Over the past several years, cybsersecurity has become a growing concern for both the federal government and private corporations. Thus far, it has been largely a game of catch up, as security firms scramble to try to patch the holes discovered by hackers probing weaknesses in the system. As more and more of American life begins to move onto cloud servers and to store data on external databases, the need for data security has become more and more pronounced. In a paper last week, Paul Rosenzweig, a senior fellow at the R Street Institute, proposed a new model of cybersecurity oversight based on the National Transportation Safety Board (NTSB).
An independent government agency, the NTSB is responsible for analyzing the causes behind all civil aviation accidents and significant accidents of other forms of transportation, including rail. The NTSB is unique in that it focuses on investigation rather than strict oversight. Lacking enforcement authority, the board focuses its attention on the “cause and effect of accidents,” Rosenzweig explains. Any recommendations the board makes fall to other agencies to implement.

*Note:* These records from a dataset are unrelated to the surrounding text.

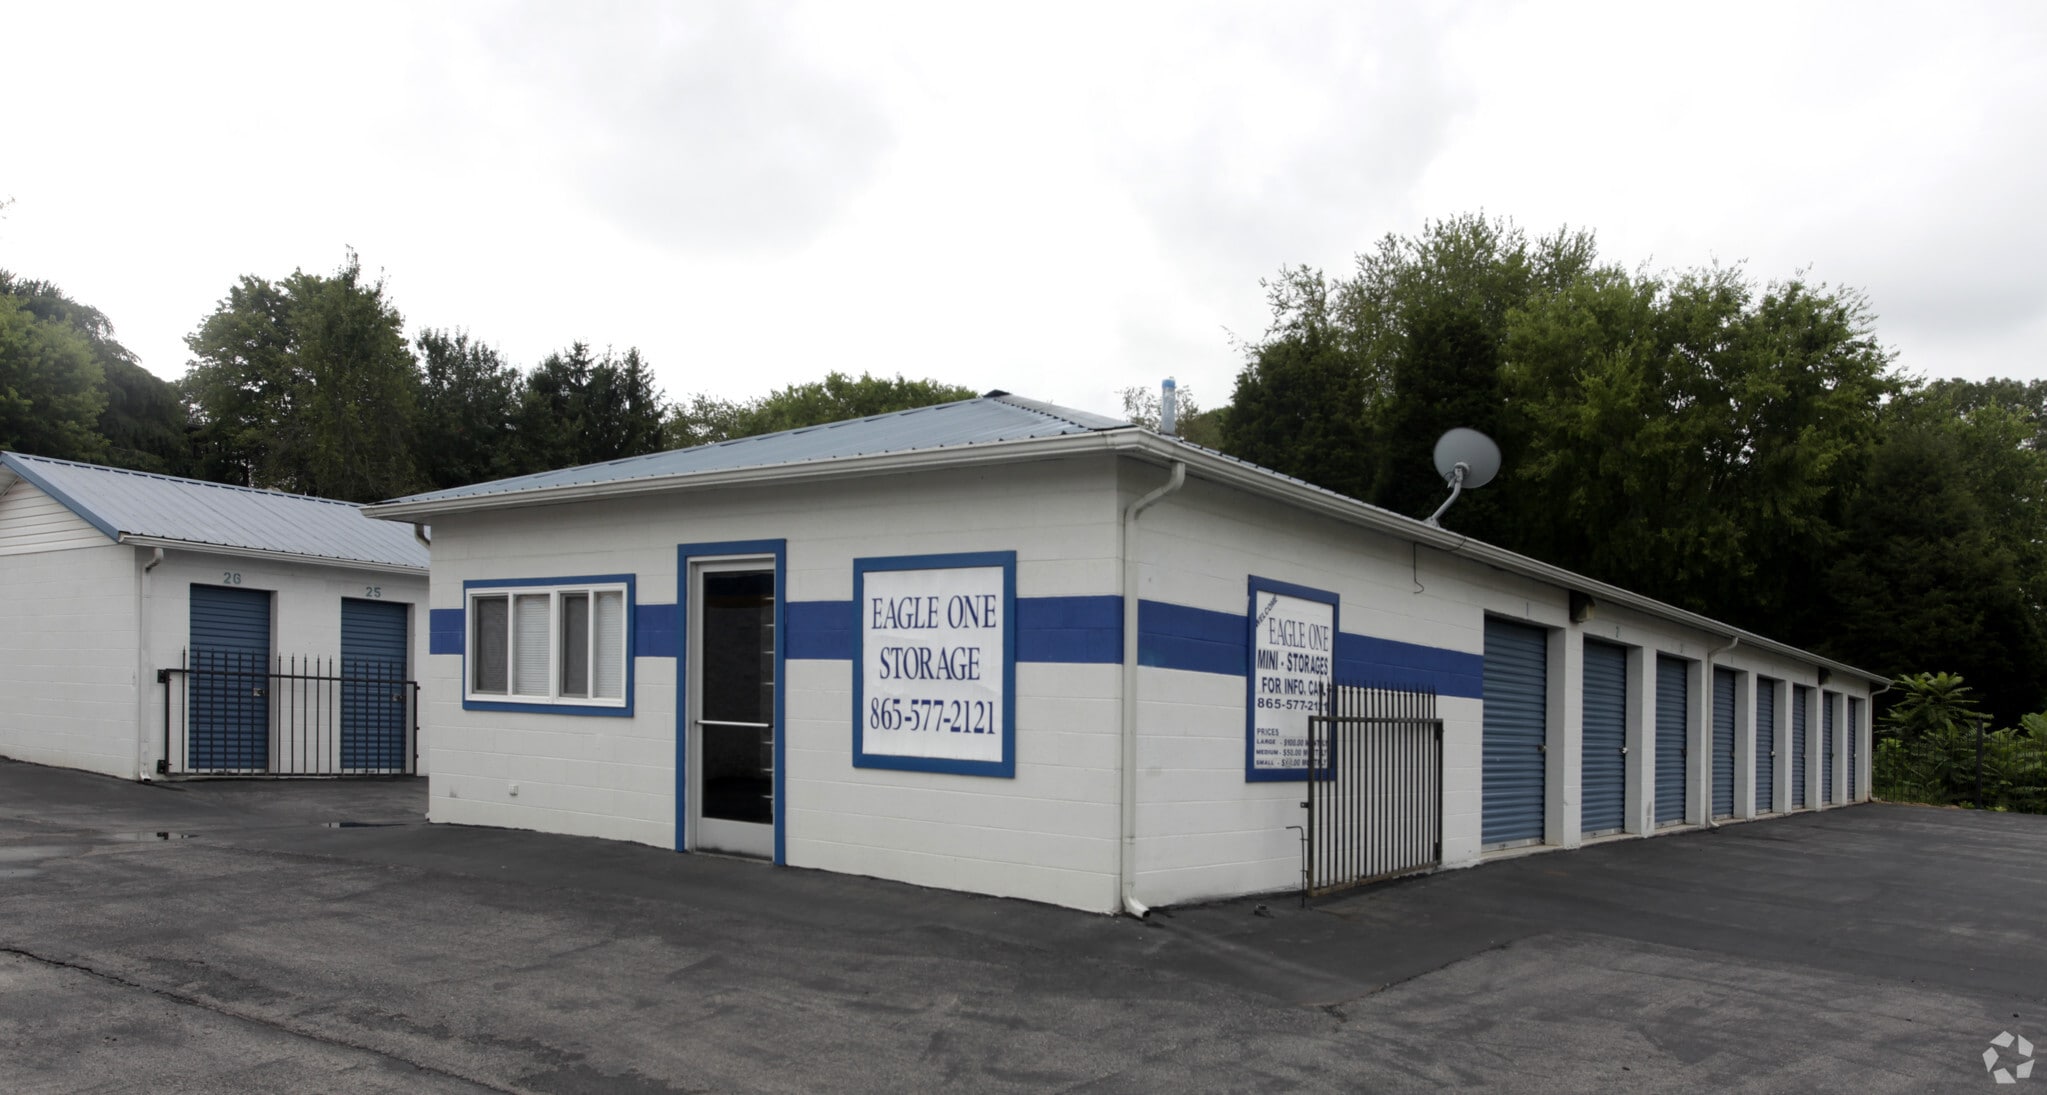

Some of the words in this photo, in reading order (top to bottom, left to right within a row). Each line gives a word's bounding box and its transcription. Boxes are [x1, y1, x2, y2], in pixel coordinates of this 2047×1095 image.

[223, 571, 242, 585] 26
[365, 586, 382, 598] 25
[871, 596, 939, 630] EAGLE
[947, 594, 997, 629] ONE
[1268, 617, 1306, 649] EAGLE
[1308, 623, 1329, 652] ONE
[879, 646, 981, 681] STORAGE
[1257, 649, 1279, 671] MINI
[1287, 652, 1329, 676] STORAGES
[1262, 676, 1282, 694] FOR
[1308, 680, 1327, 697] CAL
[870, 697, 997, 735] 865-577-2121
[1257, 697, 1329, 712] 865-577-211
[1256, 727, 1280, 737] PRICES

“[The NTSB model] isn’t about assigning blame and liability. It is fundamentally about finding out what happened or, as I put it in the piece, ‘what went wrong,’” he told InsideSources. “Especially in an area like cybersecurity where the forensics are in their infancy and we have no real metrics for security, simply gathering data and assessing it is a great first step. Oversight can come down the road if needed.”

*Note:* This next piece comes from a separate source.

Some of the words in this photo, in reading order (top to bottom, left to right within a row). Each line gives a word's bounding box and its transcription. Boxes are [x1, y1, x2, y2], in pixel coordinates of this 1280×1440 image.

The NTSB’s sole responsibility is to focus on the cause of accidents and to recommend solutions to prevent them from happening again in the future. Cost is left out of the equation. This security first mindset has advantages in the cybersecurity realm, Rosenzweig explains, particularly given the often ambiguous causes of hacks and the relatively new field of cybersecurity.
“Especially in a complex area like cybersecurity, which is rife with ambiguity, it will be hard enough to identify causes without then filtering those conclusions through an economic-benefit filter,” he writes in the paper.
“For this reason, although the cost/ benefit issue merits careful consideration, we should lean toward a model that replicates the current structure of the NTSB; that is, one focused on cause and effect, without any enforcement authority and without any mandate to address cost/benefit questions,” he continued.
Such a “Computer Network Safety Board,” as Rosenzweig describes, would be brought in to investigate and provide recommendations for risk reduction. This is an important understanding of the difference between physical and computer safety. The forensics of cyber-breach investigations are frequently less determinative than those behind transit crashes, and the prospect of failure in cyber systems is treated in many cases as inevitable.
As a result, a cyber security board should focus on risk reduction, rather than the impossible goal of risk elimination.
Rosenzweig also admits that addressing every hack or cybersecurity breach would be impossible for any one body to accomplish. Some cut off would need to be developed to determine which breaches were considered large enough to warrant investigation, similar to how the NTSB looks into major accidents on trains or highways, but necessarily every crash. For the purposes of cybersecurity, this could be a breach that affects more than one million people or one where the costs outweigh the potential implementation costs of a rule change.
The trouble would be determining where this line falls. Without Congress moving forward on some sort of plan, the details will remain largely hypothetical. Even so, the idea of some sort of cyber security oversight has been raised. Rep. Denny Heck (D-Wash.) asked in a hearing earlier this year if it was time to consider creating a cyber security board. With some 53,000 cyber security incidents occurring worldwide last year, the answer to his question for many voters might be “yes.”